For the entries that appear below, write out the exact text and omit the pictures.
___ DATASET ENTRIES
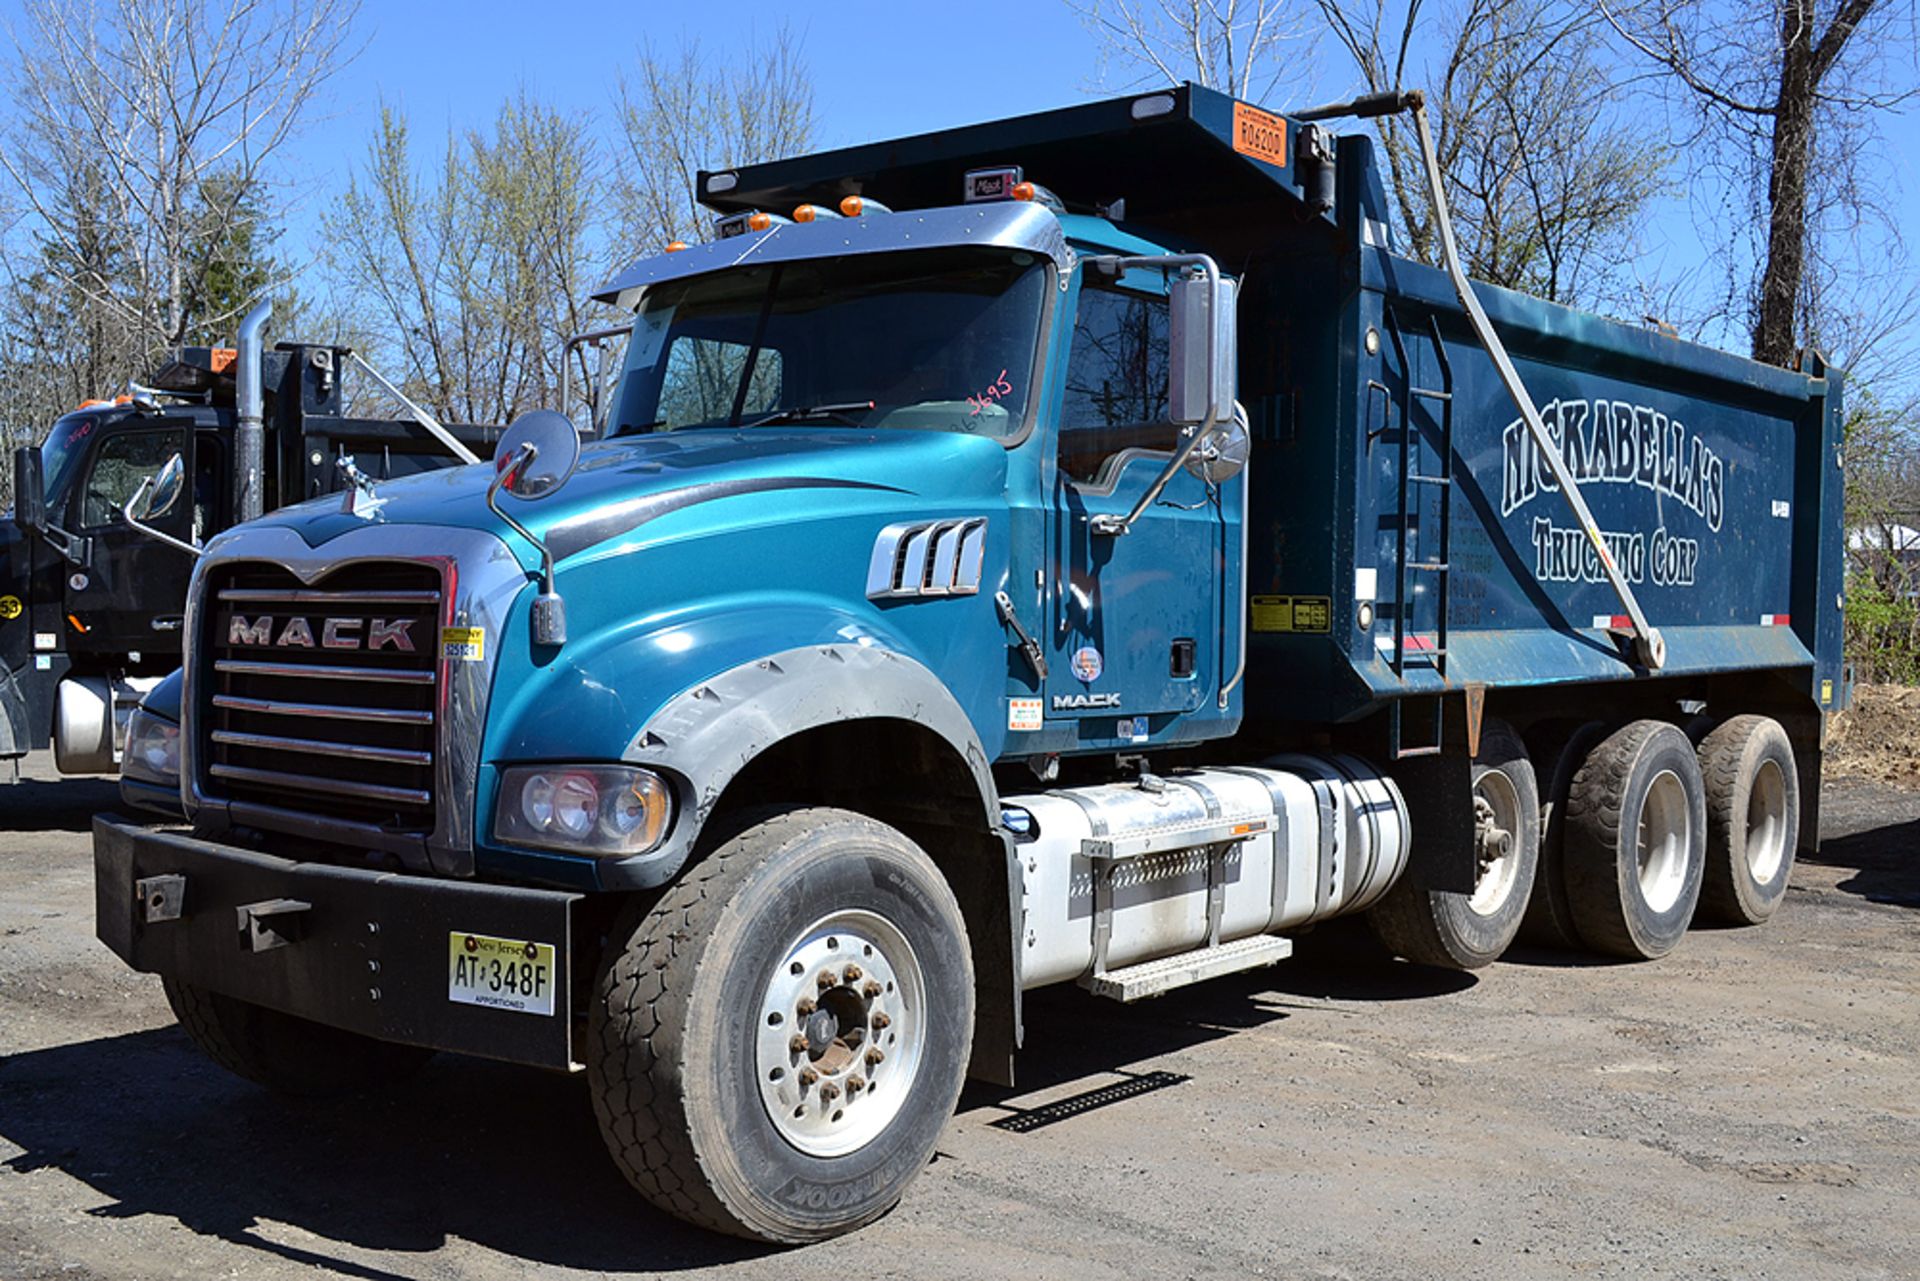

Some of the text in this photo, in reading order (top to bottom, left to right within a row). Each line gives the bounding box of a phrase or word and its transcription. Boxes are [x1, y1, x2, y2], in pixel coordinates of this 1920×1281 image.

[964, 368, 1012, 416] 3695
[228, 615, 417, 651] MACK
[1052, 693, 1121, 711] MACK
[498, 942, 526, 959] Jersey
______
SOLUTION TO THE PROBLEM —
Some of the text in this photo, in reading order (top to bottom, left to right within a row). Each line gives the bounding box of a phrase or word and its transcription. Boxes are [x1, y1, x2, y2], in pixel coordinates of this 1920×1281 image.

[964, 368, 1012, 416] 3695
[228, 615, 417, 651] MACK
[1052, 693, 1121, 711] MACK
[498, 942, 526, 959] Jersey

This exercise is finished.